Frowning, Felix stood and looked back southward. "What is it?"
He noticed a soft gray shadow rising in the distance, almost too faint to make out.
Legolas had tears in his eyes. "She has set Lothlorien to the flame," he whispered. "She is burning the forest."
Felix looked at the elf, then back at the distant haze, miles away, and then back at the elf again.
"You can see that?" he asked. "From here?"

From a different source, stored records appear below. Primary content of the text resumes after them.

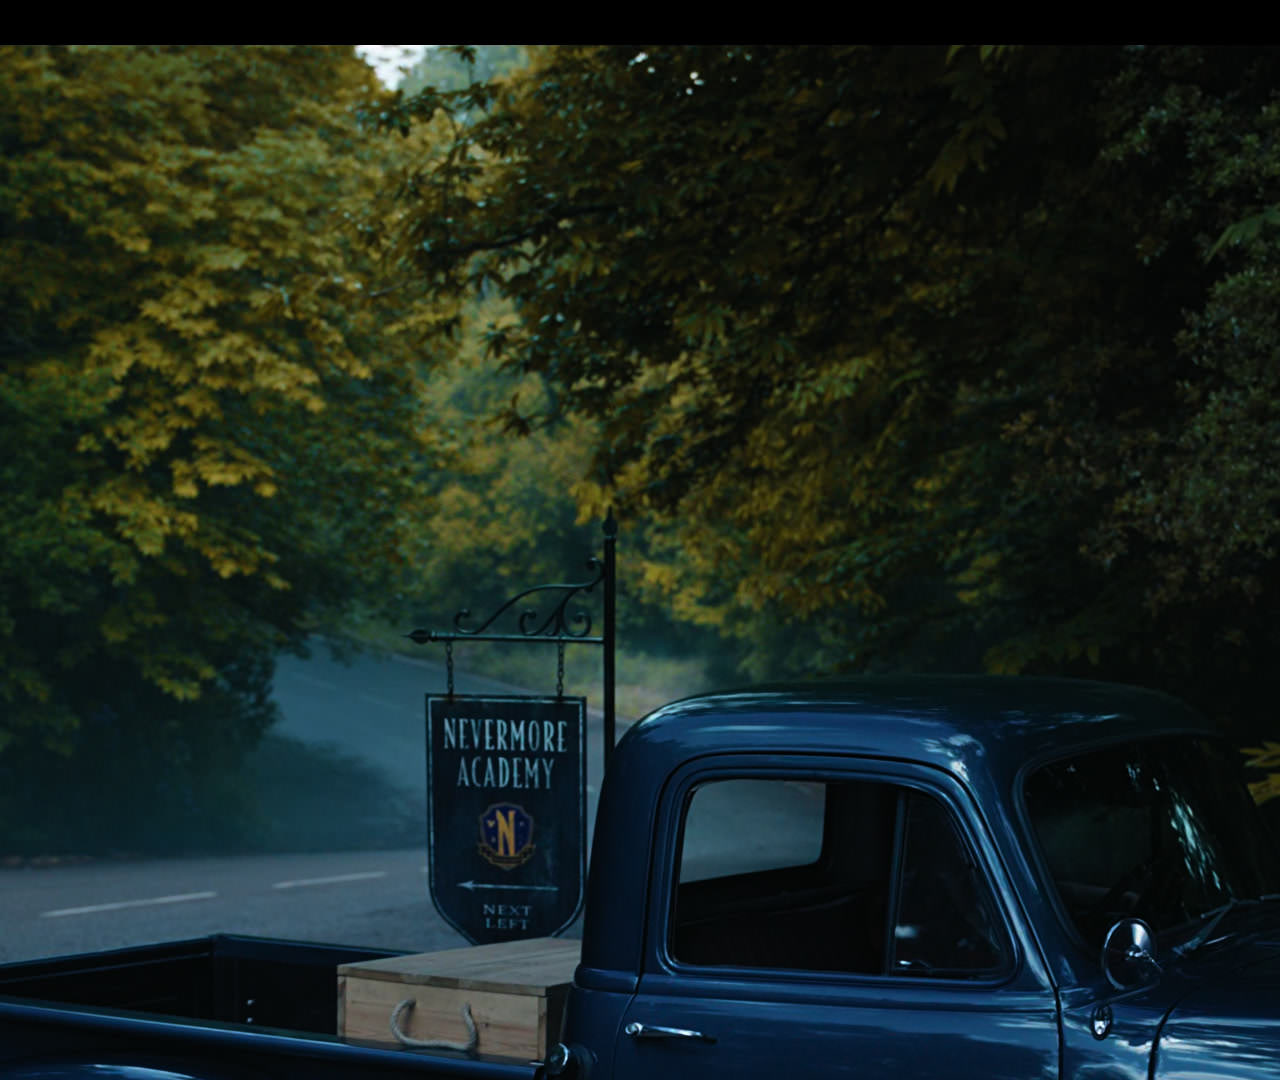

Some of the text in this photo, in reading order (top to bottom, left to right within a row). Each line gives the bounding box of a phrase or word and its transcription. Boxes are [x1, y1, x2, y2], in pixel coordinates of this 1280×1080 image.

[443, 717, 568, 753] NEVERMORE
[457, 756, 556, 790] ACADEMY
[495, 808, 517, 857] N
[483, 903, 533, 917] NEXT
[485, 917, 530, 930] LEFT

Legolas nodded and turned his gaze away. "We must continue. You wished to rejoin your companions. We must make for the Dimril Dale and the steps that lead up to Carahdras." He pointed between two red tipped mountains. "The pass is there. We can make it in three days if we set a determined pace."
"How long to cross it?" Mavon asked.
"Three days to the Dimril Stair, another day to reach the top of the pass and a fifth to reach the vale on the western face, if all goes well."
Mavon winced. "Oh, you had to say that last part, didn't you?"
Legolas looked back at the two men, confused.
"If all goes well," Felix repeated. He smiled. "By saying that, you just assured that nothing will."
Felix, Mavon, and Legolas headed towards the three peaks that covered the ancient dwarf kingdom, sometimes walking - sometimes jogging - going as long as their strength would carry them.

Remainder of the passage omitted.